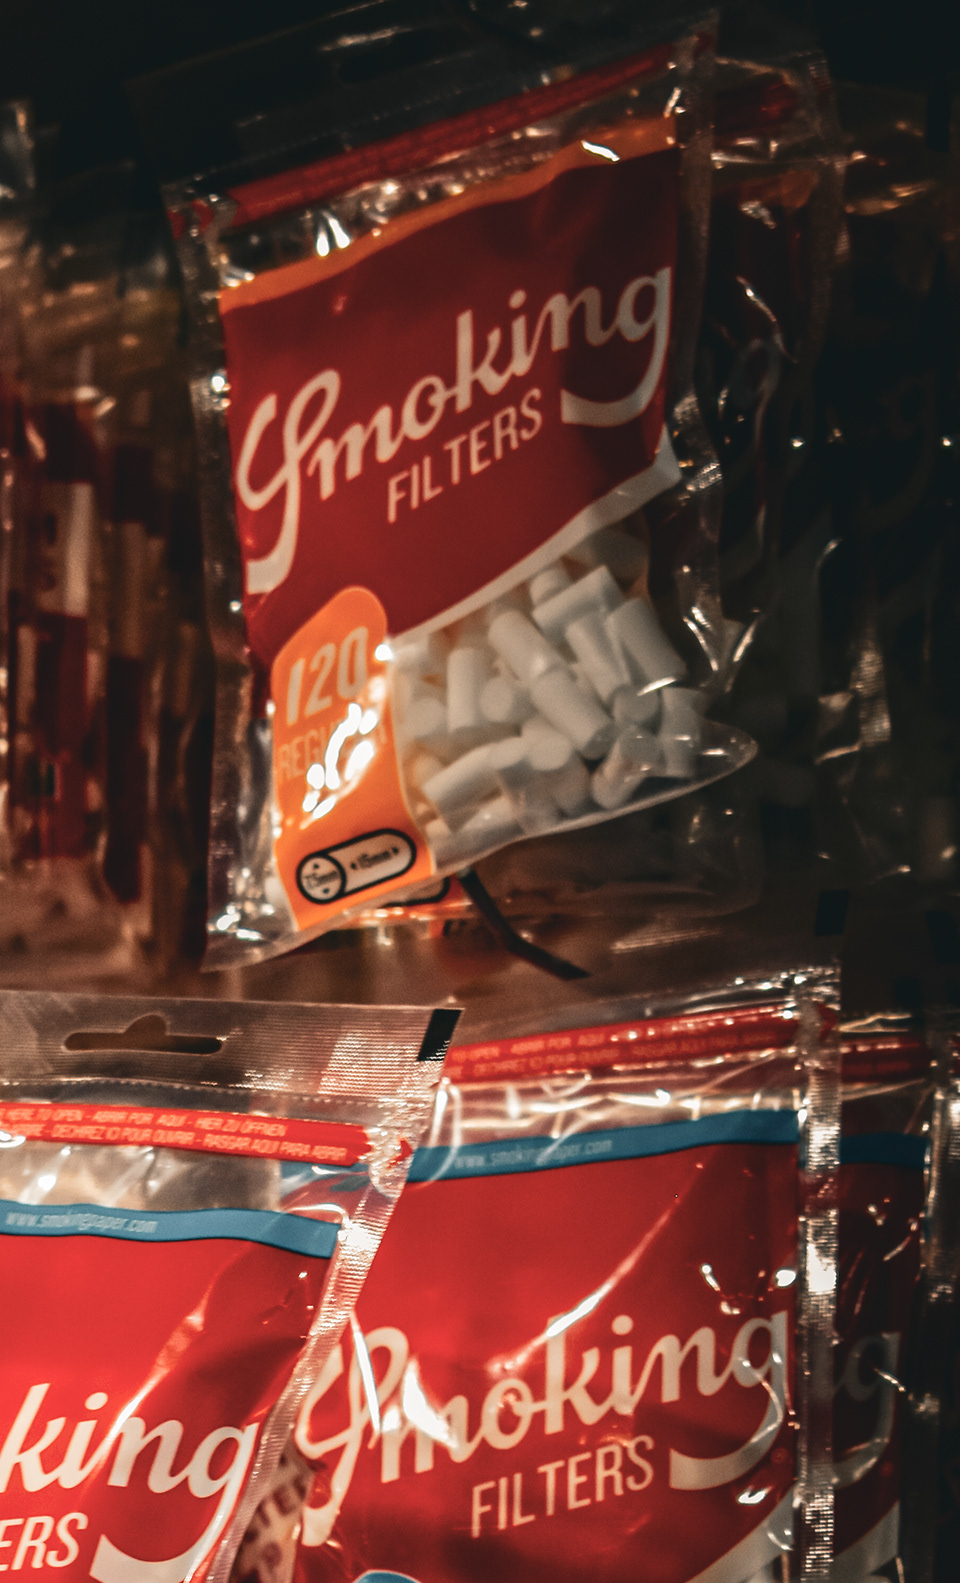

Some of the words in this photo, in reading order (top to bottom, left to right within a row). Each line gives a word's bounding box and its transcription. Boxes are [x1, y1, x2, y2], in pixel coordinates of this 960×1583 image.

[235, 266, 672, 595] Smoking
[387, 387, 543, 523] FILTERS
[286, 626, 369, 726] 120
[294, 1309, 790, 1548] Smoking
[470, 1434, 655, 1540] FILTERS

:::::

ASSIGNMENT. Output the data above exactly. Drop every picture.

ANSWER TO THIS PROBLEM.
Some of the words in this photo, in reading order (top to bottom, left to right within a row). Each line gives a word's bounding box and its transcription. Boxes are [x1, y1, x2, y2], in pixel coordinates of this 960×1583 image.

[235, 266, 672, 595] Smoking
[387, 387, 543, 523] FILTERS
[286, 626, 369, 726] 120
[294, 1309, 790, 1548] Smoking
[470, 1434, 655, 1540] FILTERS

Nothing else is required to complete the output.